Heartburn. Acid reflux. By whatever name, when stomach acid backs up into your esophagus, the pain and discomfort felt can be the sign of a potentially serious condition. Gastroesophageal Reflux Disease (GERD), the technical name for this malady, is both common and treatable. Recognition is important, because severe and persistent disease is associated with significant complications.
The reflux of acid from the stomach into the esophagus is almost universal, and usually brief and without symptoms. GERD refers to the condition where exposure of the esophageal lining to acid causes symptoms such as heartburn, vomiting or pain with swallowing. If the reflux goes all the way up to the back of the throat, the acid can irritate your vocal cords, or even be inhaled in the lungs and cause cough and asthma-like symptoms.
The esophagus is the tube connecting the mouth to the stomach. Made of muscular tissue which enables food to be pushed down, it is protected from acid exposure by the lower esophageal sphincter (LES). The LES is a circular muscle at the junction of the stomach and esophagus which opens during the swallow reflex, but otherwise stays closed to prevent stomach contents from “going backwards”. It is weakness, or inappropriate relaxation, of the LES which is the basic cause of GERD.
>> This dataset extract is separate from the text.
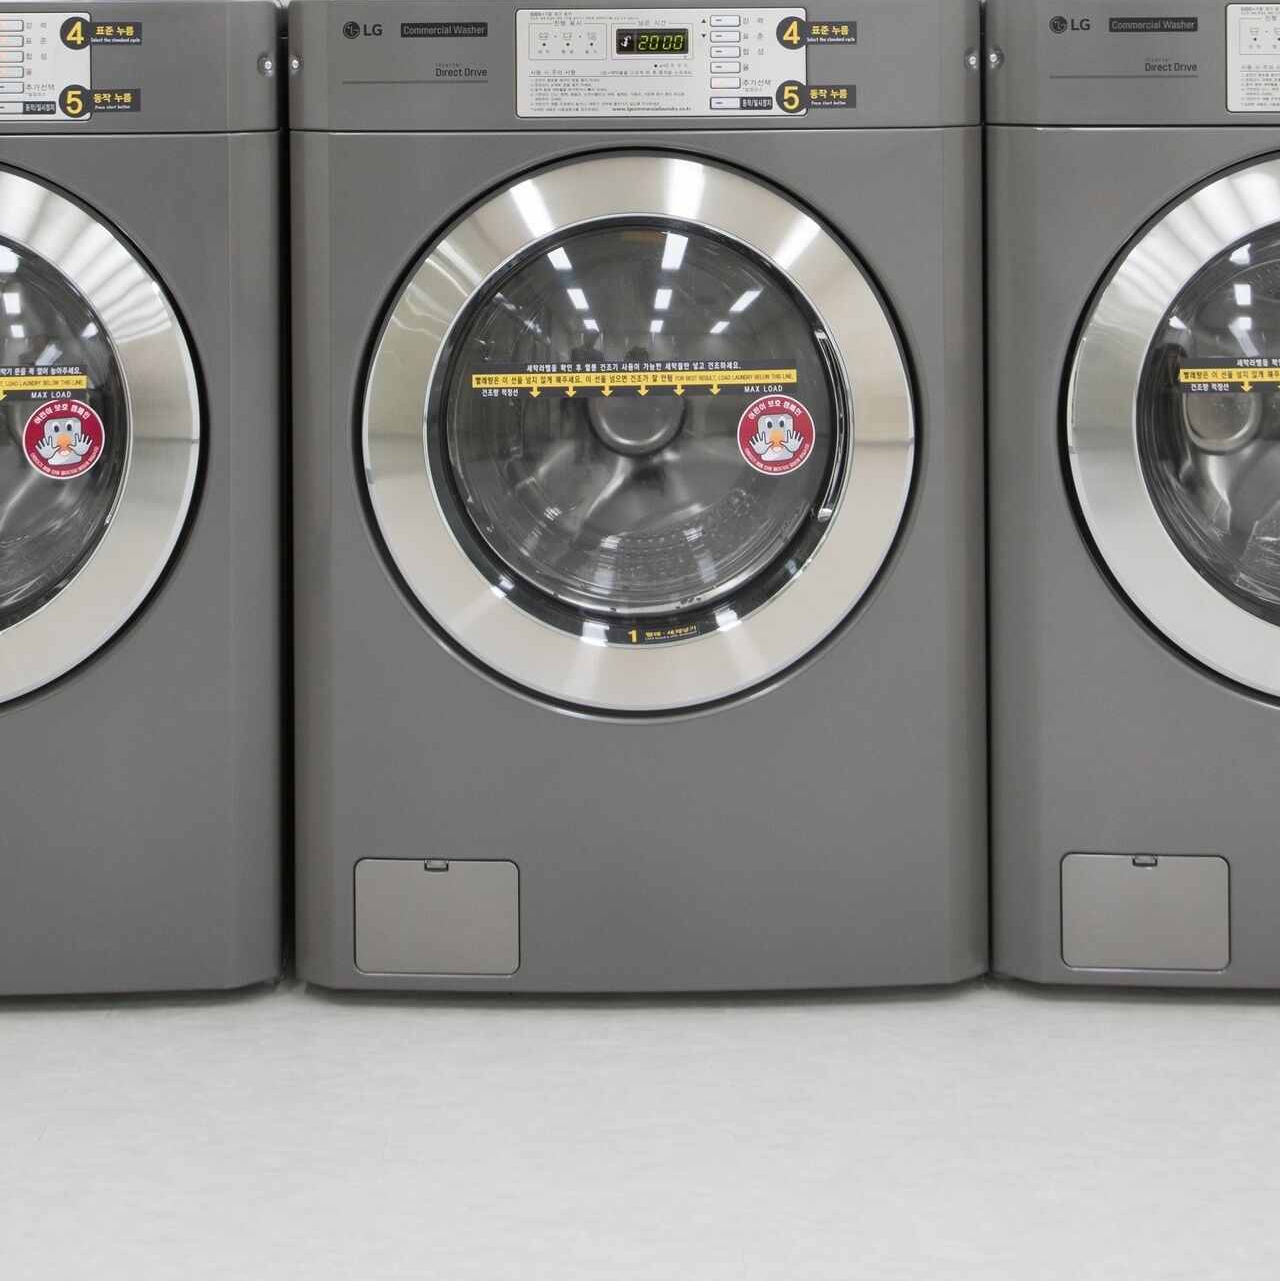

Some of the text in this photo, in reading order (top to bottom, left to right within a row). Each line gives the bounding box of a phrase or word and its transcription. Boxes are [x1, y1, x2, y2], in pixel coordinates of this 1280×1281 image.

Every one of us has probably had an occasional symptom of heartburn. However, if they occur more than two or three times a week, you should consult your primary care physician to see if further evaluation is necessary. Of particular concern would be if the symptoms are associated with unexplained weight loss, or the feeling of food “sticking” in your chest.
A number of conditions are associated with, or are potential contributors to GERD. Obesity, cigarette smoking, certain foods (chocolate, peppermint, alcohol and caffeine) and large meals followed by laying down can all increase acid entry into the esophagus.
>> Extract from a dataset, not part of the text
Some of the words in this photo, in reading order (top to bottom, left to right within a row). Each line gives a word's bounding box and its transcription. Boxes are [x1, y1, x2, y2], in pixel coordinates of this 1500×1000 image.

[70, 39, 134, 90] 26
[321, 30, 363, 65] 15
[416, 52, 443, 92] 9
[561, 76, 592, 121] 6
There are a number of ways to make the diagnosis of GERD. Sometimes a thorough history and physical examination are adequate. For certain patients an endoscopic evaluation via a small tube passed into the stomach is required. The diagnosis is important because untreated GERD leads to chronic irritation of the esophagus, which can lead to irritation, ulcers, bleeding and, in the most severe form, cancer.
There are treatments available. For symptoms which occur once a week or less, antacids may be adequate. Many patients are advised to take “H2” blockers or proton pump inhibitors (PPIs), which work by decreasing acid production. In severe cases there are surgical options. In a recent report in the February 21, 2013 edition of the New England Journal of Medicine, a magnetic brace-like device wrapped around the end of the esophagus showed promise in patients who were not able to manage their symptoms with medications.